• _Directions for this task_: Reproduce, word for word, all of the records; the pictures stay out.
### Information supplied
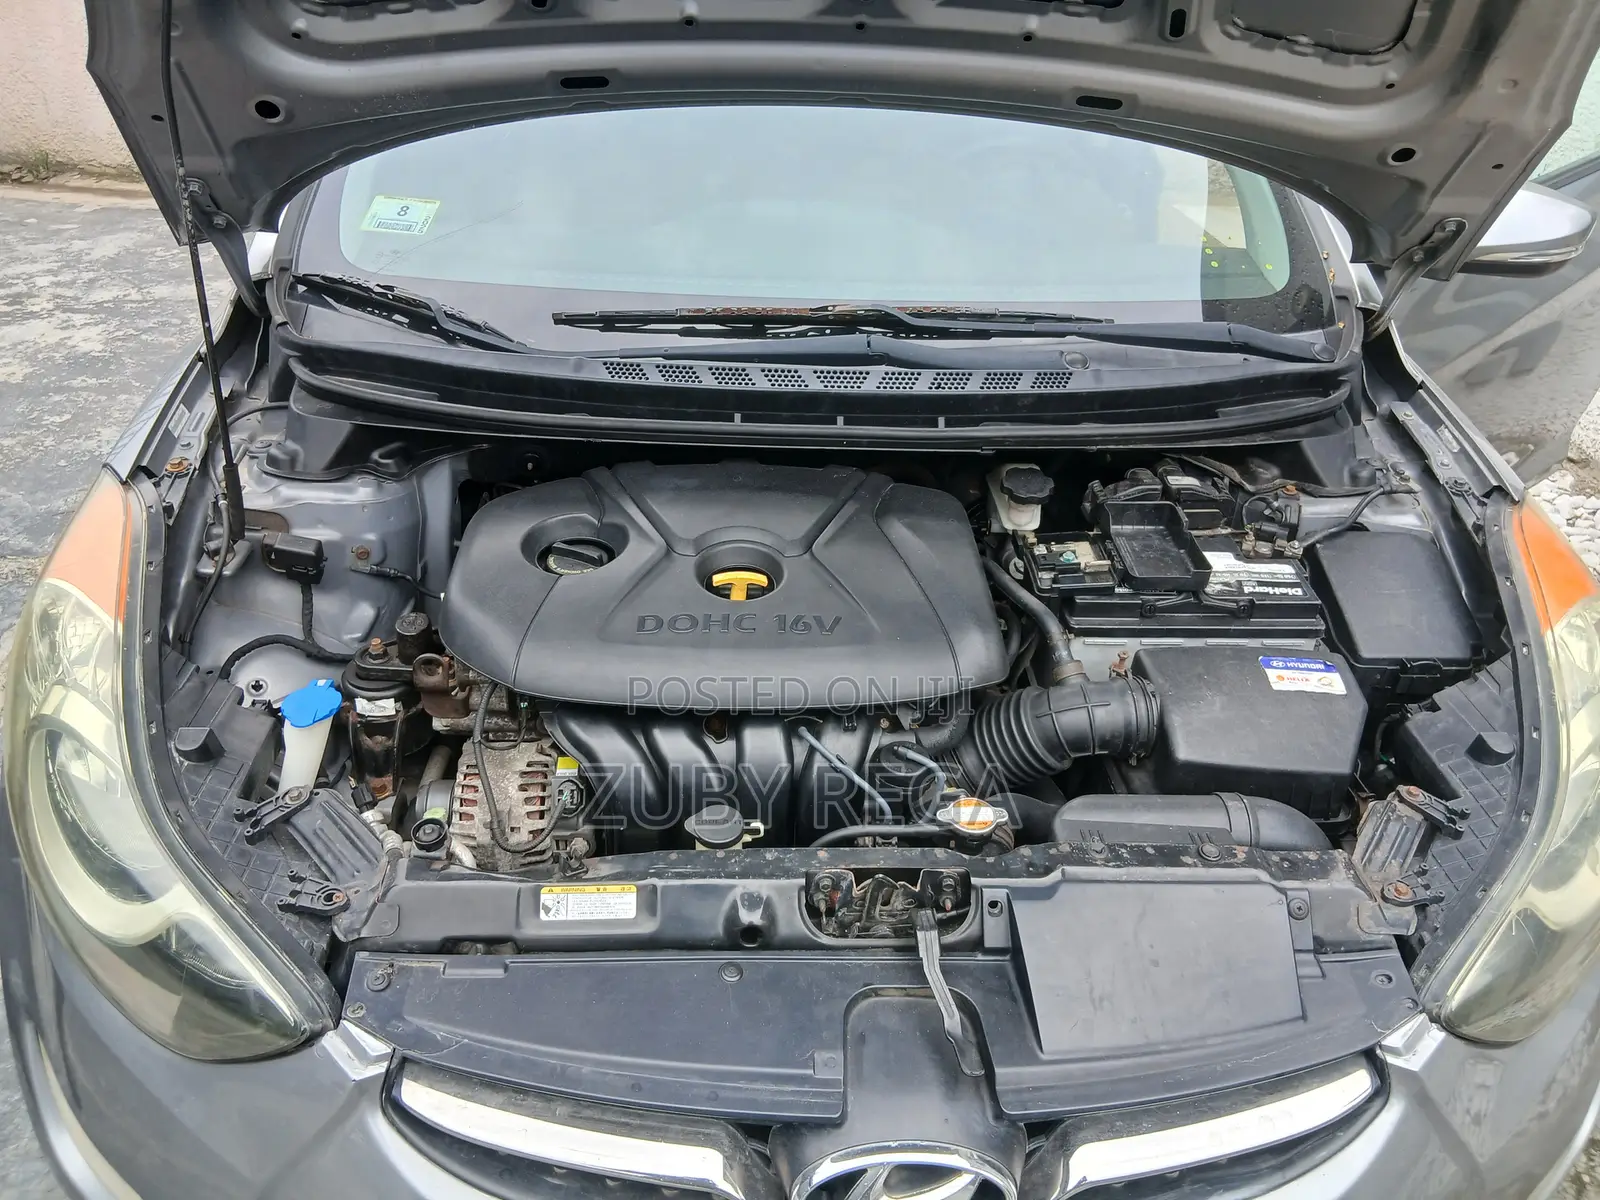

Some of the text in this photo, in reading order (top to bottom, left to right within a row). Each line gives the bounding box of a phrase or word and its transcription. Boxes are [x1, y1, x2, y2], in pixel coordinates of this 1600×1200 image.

[397, 205, 410, 217] 8
[1243, 586, 1303, 596] DieHard
[635, 613, 843, 635] DOHC 16V
[1286, 662, 1325, 670] HYUNDAI
######
• _Solution below_:
Some of the text in this photo, in reading order (top to bottom, left to right within a row). Each line gives the bounding box of a phrase or word and its transcription. Boxes are [x1, y1, x2, y2], in pixel coordinates of this 1600×1200 image.

[397, 205, 410, 217] 8
[1243, 586, 1303, 596] DieHard
[635, 613, 843, 635] DOHC 16V
[1286, 662, 1325, 670] HYUNDAI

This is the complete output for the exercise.